A faithful retyping of every entry below is wanted, with images left out.

▶ **Dataset records**
────
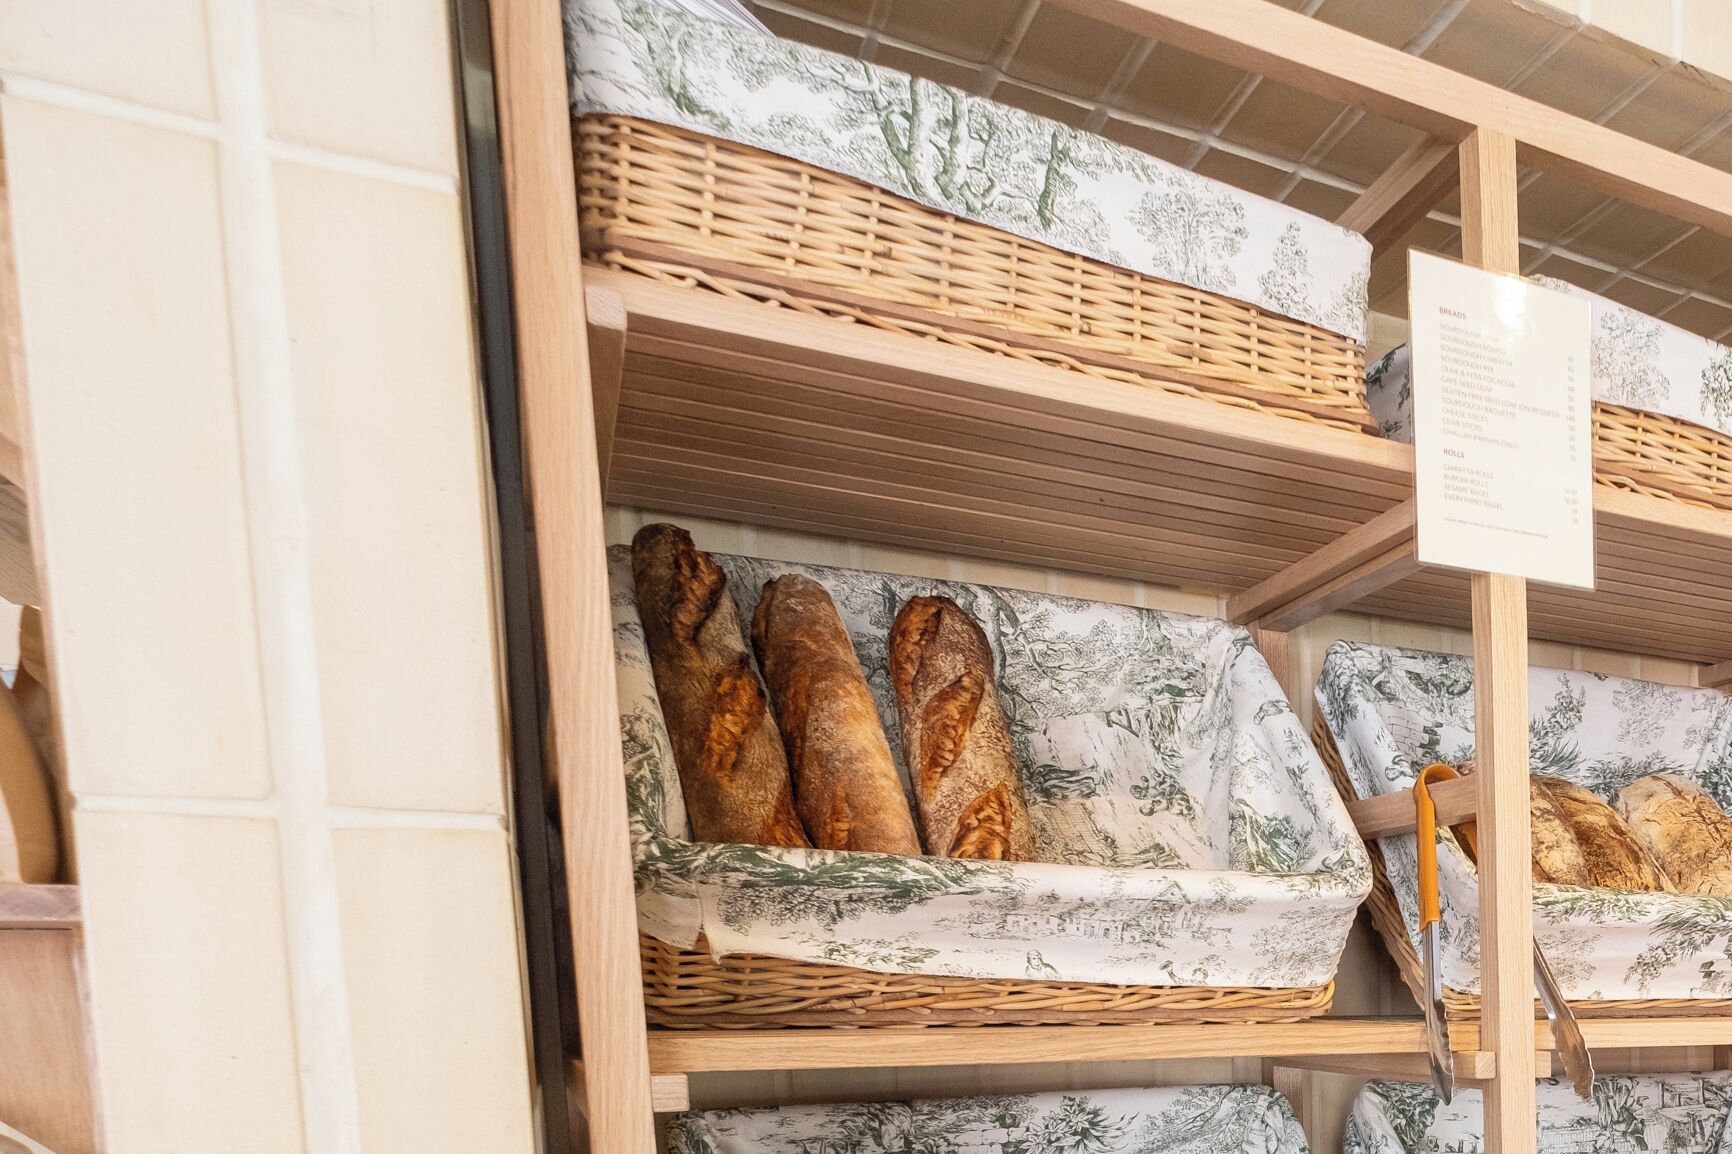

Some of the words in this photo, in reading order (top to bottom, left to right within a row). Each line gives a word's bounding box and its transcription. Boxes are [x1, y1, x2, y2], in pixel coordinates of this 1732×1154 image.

[1439, 307, 1466, 320] BREADS
[1440, 323, 1481, 339] SOURDOUGH
[1440, 334, 1482, 349] SOURDOUGH
[1482, 344, 1506, 355] ROUND
[1440, 344, 1481, 360] SOURDOUGH
[1483, 355, 1514, 368] CIABATTA
[1441, 354, 1481, 370] SOURDOUGH
[1483, 365, 1494, 373] RYE
[1441, 365, 1457, 375] OLIVE
[1467, 371, 1482, 381] FETA
[1484, 375, 1516, 389] FOCACCIA
[1441, 376, 1458, 385] CAPE
[1459, 380, 1475, 389] SEED
[1476, 384, 1492, 393] LOAF
[1441, 386, 1467, 398] GLUTEN
[1468, 392, 1482, 401] FREE
[1484, 396, 1500, 405] SEED
[1502, 400, 1517, 409] LOAF
[1519, 404, 1530, 412] (ON
[1532, 407, 1560, 419] REQUEST)
[1441, 396, 1483, 412] SOURDOUGH
[1484, 406, 1515, 419] BAGUETTE
[1442, 407, 1465, 418] CHEESE
[1467, 412, 1488, 423] STICKS
[1442, 417, 1460, 427] OLIVE
[1462, 422, 1483, 432] STICKS
[1442, 428, 1472, 440] CHALLAH
[1444, 448, 1464, 458] ROLLS
[1443, 463, 1474, 476] CIABATTA
[1475, 470, 1495, 480] ROLLS
[1444, 473, 1469, 484] BURGER
[1470, 478, 1488, 488] ROLLS
[1444, 484, 1468, 494] SESAME
[1470, 489, 1489, 498] BAGEL
[1444, 493, 1482, 506] EVERYTHING
[1484, 500, 1503, 510] BAGEL
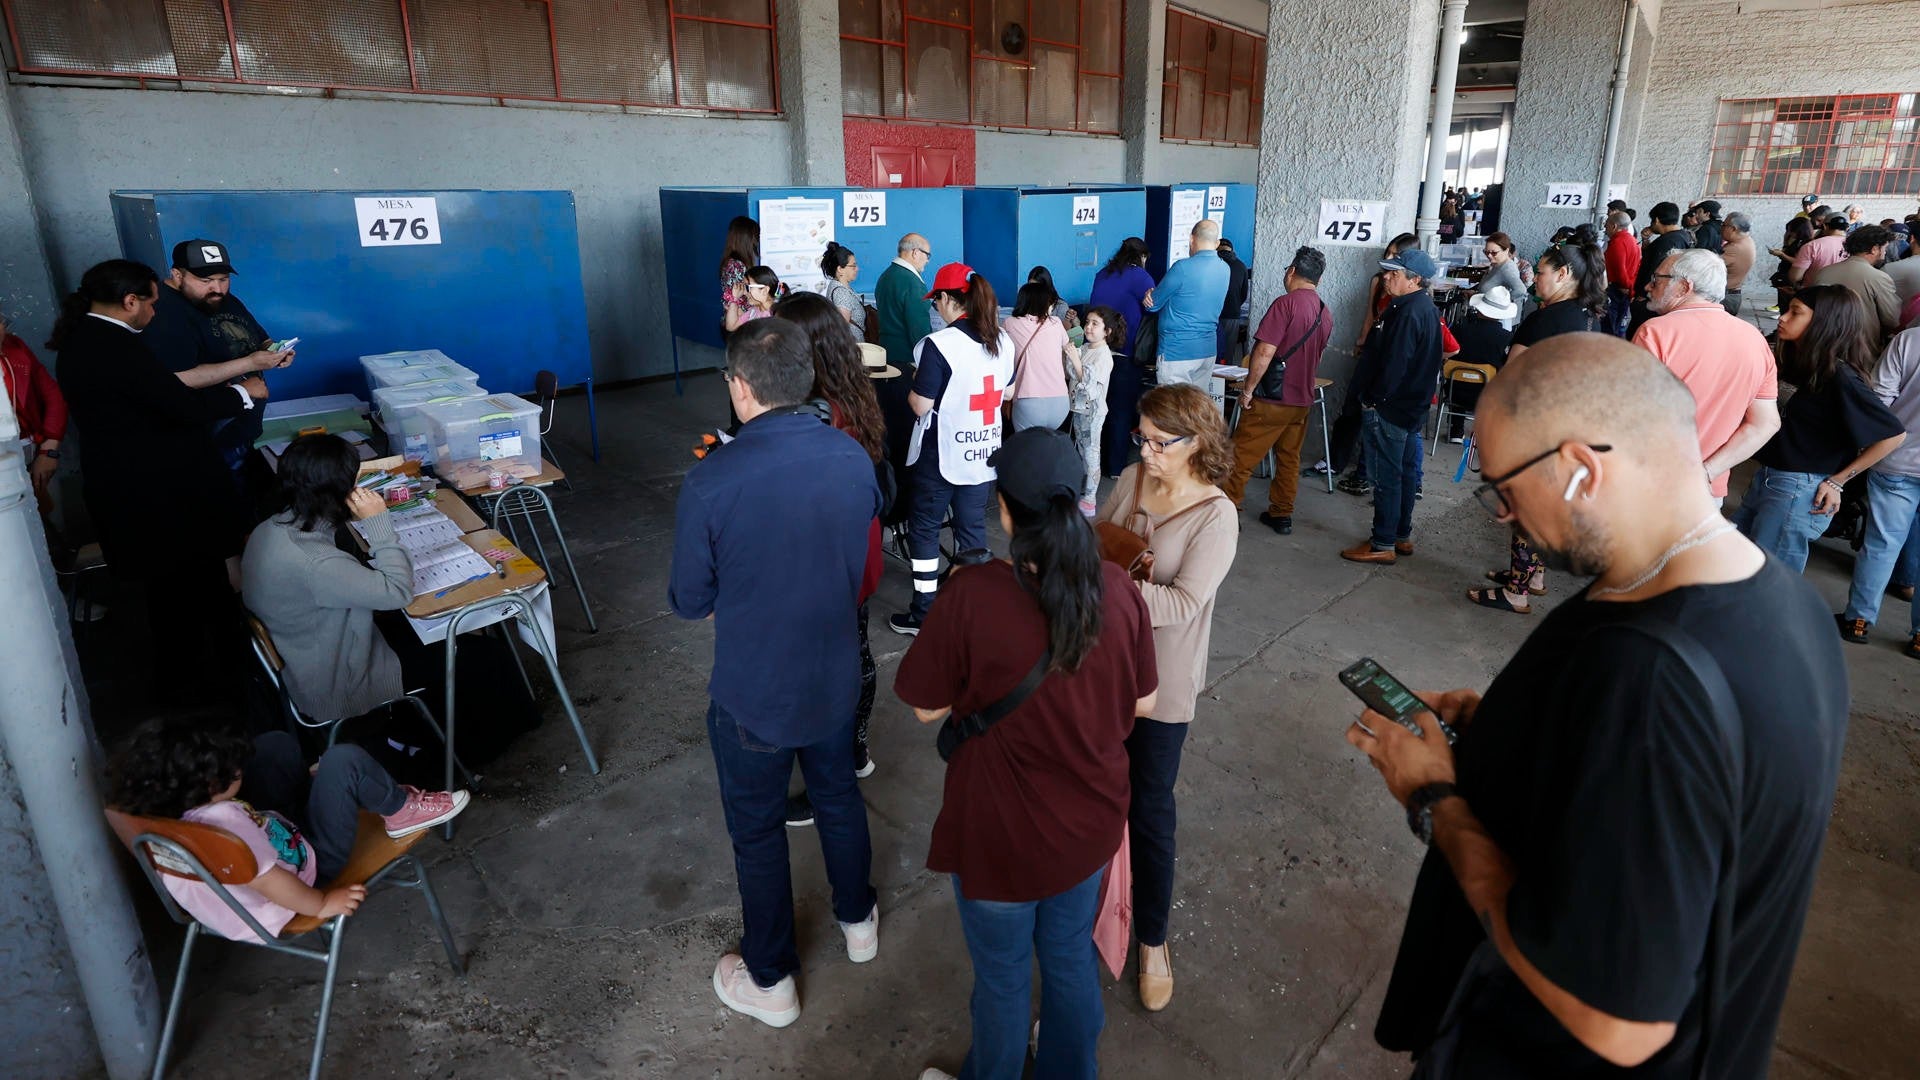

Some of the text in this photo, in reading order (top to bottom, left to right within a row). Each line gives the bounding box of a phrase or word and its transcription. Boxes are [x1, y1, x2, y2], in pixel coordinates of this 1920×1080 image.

[377, 199, 414, 209] MESA
[1209, 196, 1224, 207] 473
[1551, 194, 1582, 206] 473
[849, 206, 880, 223] 475
[1075, 208, 1095, 221] 474
[1337, 204, 1365, 214] MESA
[369, 217, 429, 241] 476
[1324, 220, 1372, 242] 475
[954, 429, 989, 444] CRUZ
────
▶ **Result of this task**
Some of the words in this photo, in reading order (top to bottom, left to right within a row). Each line gives a word's bounding box and its transcription. Boxes are [x1, y1, x2, y2], in pixel coordinates of this 1732×1154 image.

[1439, 307, 1466, 320] BREADS
[1440, 323, 1481, 339] SOURDOUGH
[1440, 334, 1482, 349] SOURDOUGH
[1482, 344, 1506, 355] ROUND
[1440, 344, 1481, 360] SOURDOUGH
[1483, 355, 1514, 368] CIABATTA
[1441, 354, 1481, 370] SOURDOUGH
[1483, 365, 1494, 373] RYE
[1441, 365, 1457, 375] OLIVE
[1467, 371, 1482, 381] FETA
[1484, 375, 1516, 389] FOCACCIA
[1441, 376, 1458, 385] CAPE
[1459, 380, 1475, 389] SEED
[1476, 384, 1492, 393] LOAF
[1441, 386, 1467, 398] GLUTEN
[1468, 392, 1482, 401] FREE
[1484, 396, 1500, 405] SEED
[1502, 400, 1517, 409] LOAF
[1519, 404, 1530, 412] (ON
[1532, 407, 1560, 419] REQUEST)
[1441, 396, 1483, 412] SOURDOUGH
[1484, 406, 1515, 419] BAGUETTE
[1442, 407, 1465, 418] CHEESE
[1467, 412, 1488, 423] STICKS
[1442, 417, 1460, 427] OLIVE
[1462, 422, 1483, 432] STICKS
[1442, 428, 1472, 440] CHALLAH
[1444, 448, 1464, 458] ROLLS
[1443, 463, 1474, 476] CIABATTA
[1475, 470, 1495, 480] ROLLS
[1444, 473, 1469, 484] BURGER
[1470, 478, 1488, 488] ROLLS
[1444, 484, 1468, 494] SESAME
[1470, 489, 1489, 498] BAGEL
[1444, 493, 1482, 506] EVERYTHING
[1484, 500, 1503, 510] BAGEL

Some of the text in this photo, in reading order (top to bottom, left to right within a row). Each line gives the bounding box of a phrase or word and its transcription. Boxes are [x1, y1, x2, y2], in pixel coordinates of this 1920×1080 image.

[377, 199, 414, 209] MESA
[1209, 196, 1224, 207] 473
[1551, 194, 1582, 206] 473
[849, 206, 880, 223] 475
[1075, 208, 1095, 221] 474
[1337, 204, 1365, 214] MESA
[369, 217, 429, 241] 476
[1324, 220, 1372, 242] 475
[954, 429, 989, 444] CRUZ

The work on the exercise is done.